### TO DO
Print the records below exactly as they appear. Omit all pictures.

### RECORDS SHOWN
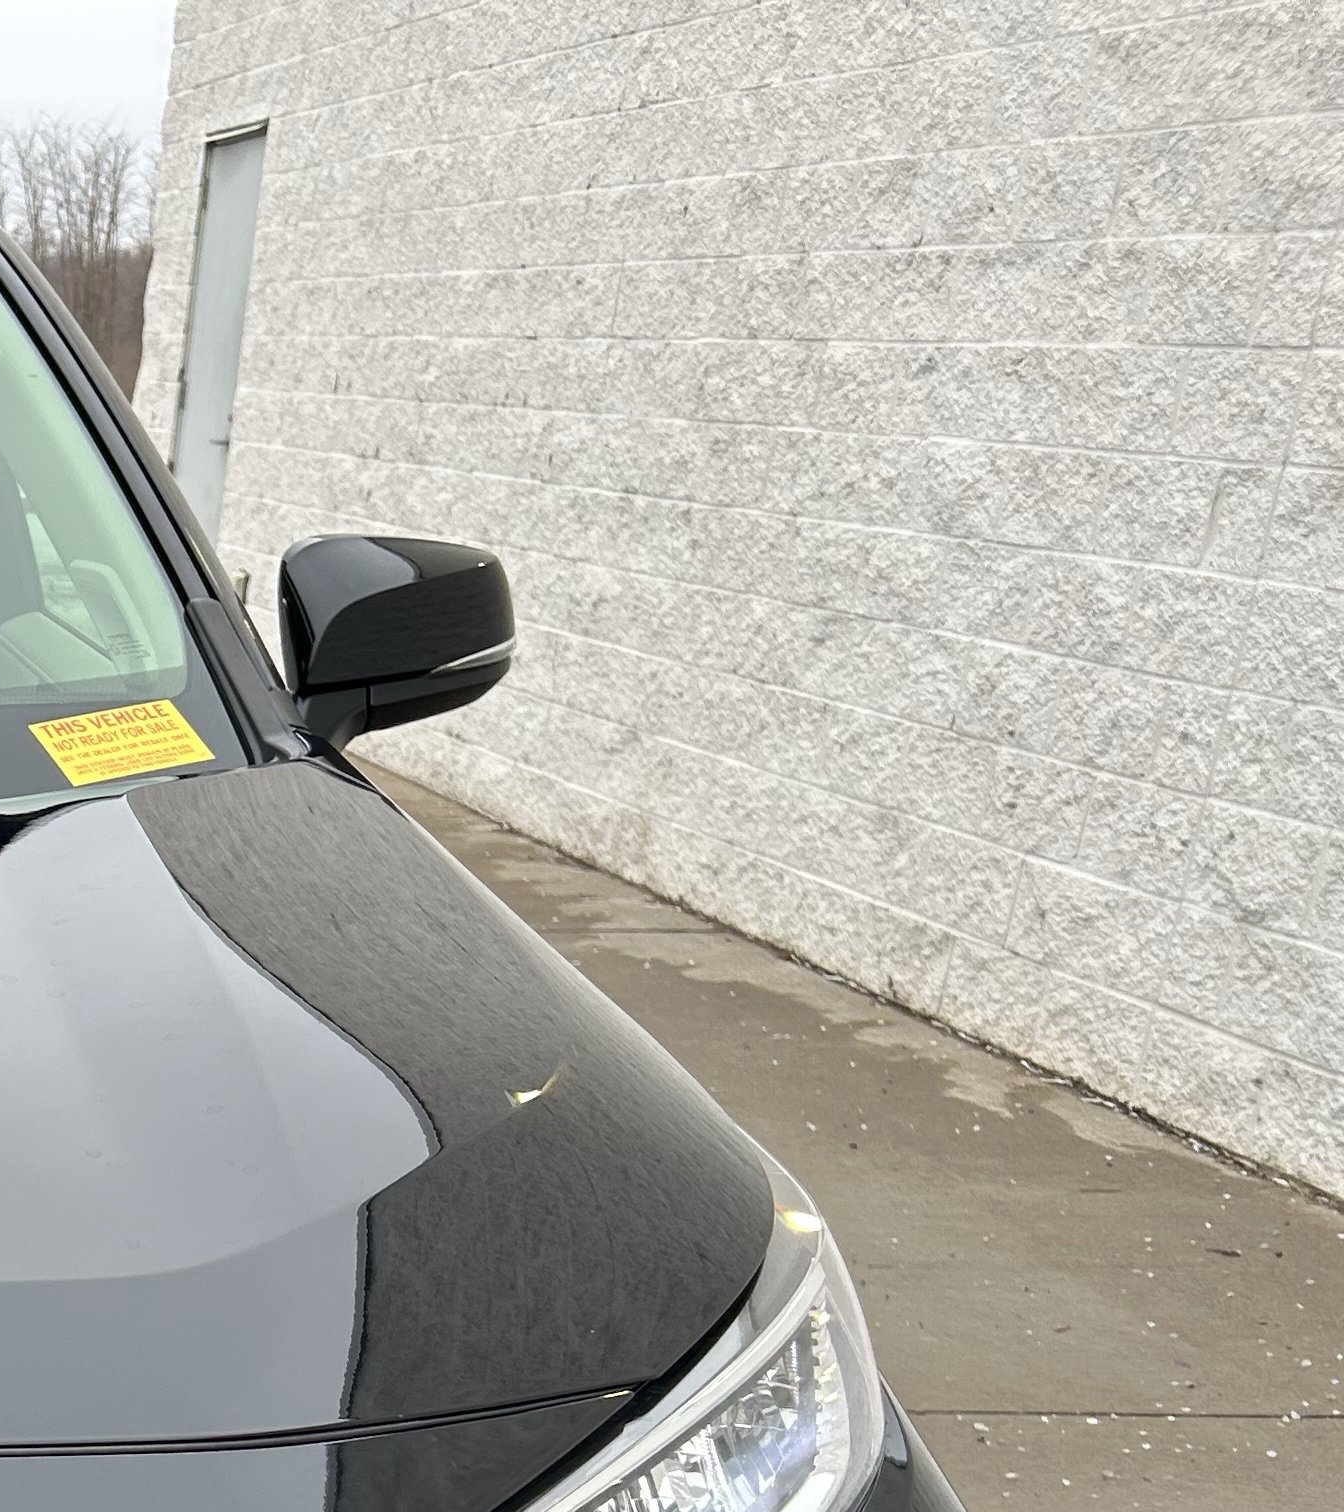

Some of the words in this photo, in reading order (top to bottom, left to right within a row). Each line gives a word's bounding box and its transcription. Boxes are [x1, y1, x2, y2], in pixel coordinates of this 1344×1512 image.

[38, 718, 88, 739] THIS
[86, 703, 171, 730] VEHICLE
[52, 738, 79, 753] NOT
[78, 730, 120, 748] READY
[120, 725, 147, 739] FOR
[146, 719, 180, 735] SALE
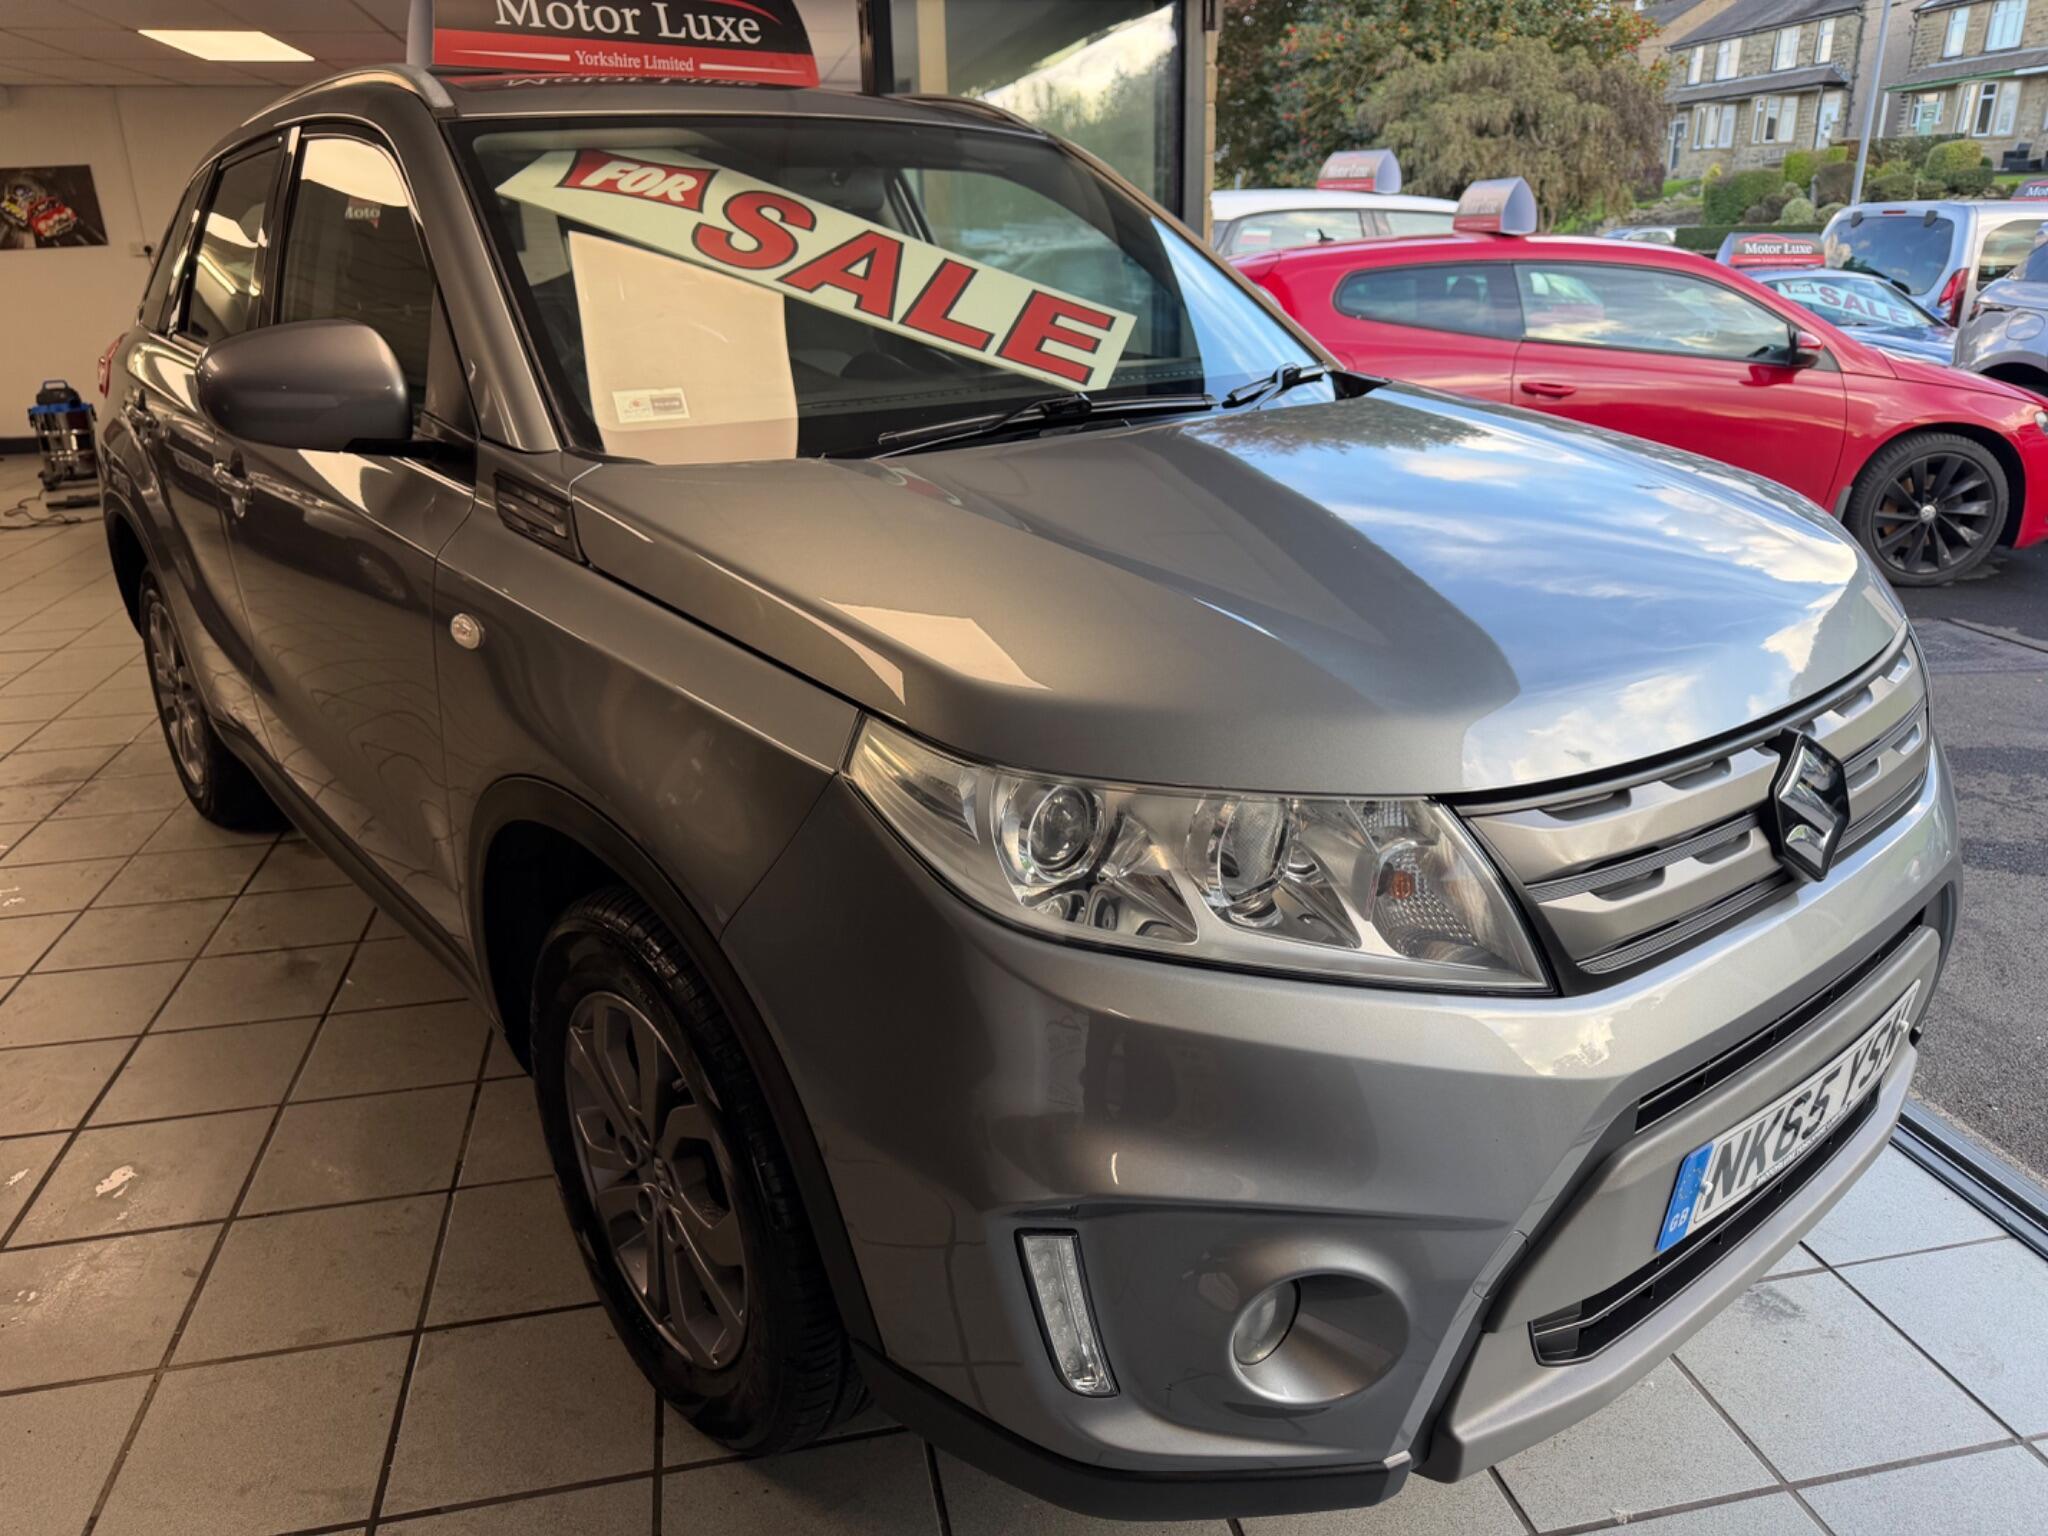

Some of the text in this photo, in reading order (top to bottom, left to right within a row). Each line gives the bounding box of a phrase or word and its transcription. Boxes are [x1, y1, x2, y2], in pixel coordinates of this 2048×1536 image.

### FINISHED TASK
Some of the words in this photo, in reading order (top to bottom, left to right within a row). Each line gives a word's bounding box and its transcription. Boxes are [x1, y1, x2, y2], in pixel coordinates of this 1344×1512 image.

[38, 718, 88, 739] THIS
[86, 703, 171, 730] VEHICLE
[52, 738, 79, 753] NOT
[78, 730, 120, 748] READY
[120, 725, 147, 739] FOR
[146, 719, 180, 735] SALE

Some of the text in this photo, in reading order (top to bottom, left to right within a row). Each line gives the bounding box of a phrase or word and its transcription. Boxes are [x1, y1, x2, y2], in pixel coordinates of this 2048×1536 image.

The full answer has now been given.